Sir Claude Dixon Gibb  (29 June 1898 – 15 January 1959) was a South Australian engineer with a considerable career in Great Britain.

History
Gibb was born in Queenstown, South Australia, a son of John Gilbert Gibb (1867–1935) and his wife Caroline Elizabeth Gibb, née Dixon (1868 – 10 December 1946) of New Street, Queenstown, later of Prince Street, Alberton. He was educated at Alberton Primary School and LeFevre High School, where he won a scholarship to the South Australian School of Mines and Industries, where he studied mechanical engineering and won a gold medal.

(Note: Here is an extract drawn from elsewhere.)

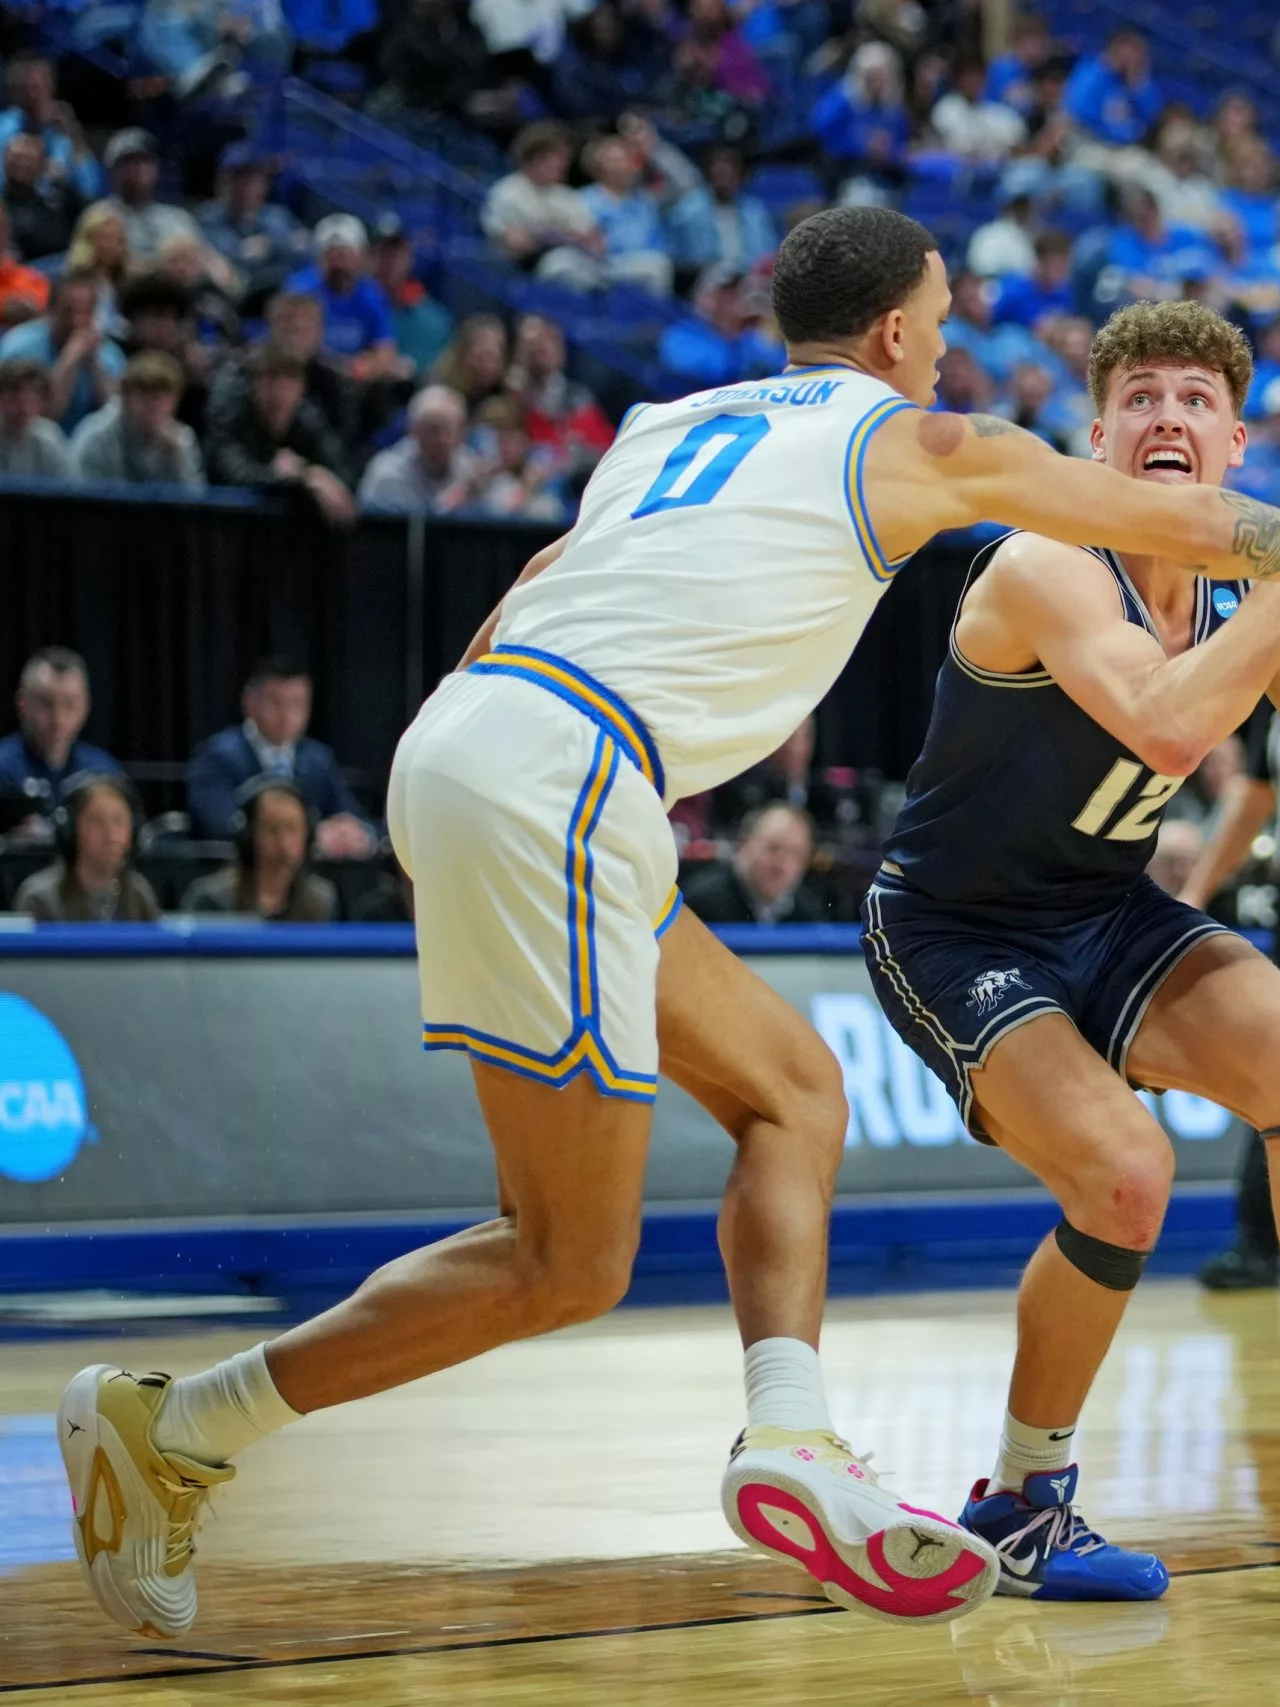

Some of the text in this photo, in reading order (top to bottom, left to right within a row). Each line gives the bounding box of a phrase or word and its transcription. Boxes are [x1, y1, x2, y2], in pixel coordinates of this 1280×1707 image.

[630, 413, 772, 520] 0
[1070, 757, 1188, 841] 12
[0, 1080, 84, 1131] CAA

He was apprenticed as an electrical mechanic to Gibb & Miller, engineers of Port Road, Port Adelaide. He had served three years (another reference has him working for the Adelaide Cement Company at this time) when he enlisted with the 2nd AIF on 5 December 1917, and posted to the Australian Flying Corps, a unit of the Royal Air Force which saw action in France. He was promoted to 2nd Lieutenant, appointment terminated in July 1919 with cessation of hostilities.
He took his mechanical and electrical engineering diploma at the School of Mines in 1922 and began lecturing there, then transferred to the University of Adelaide and earned his BE degree in 1923 under Sir Robert Chapman, whom he named "'the greatest teacher there has ever been in engineering".
On the basis of his thesis he won an Angas Engineering Scholarship at the University of Adelaide in 1924, which entitled him to £500 and two years of study abroad. He was awarded a master's degree in 1927.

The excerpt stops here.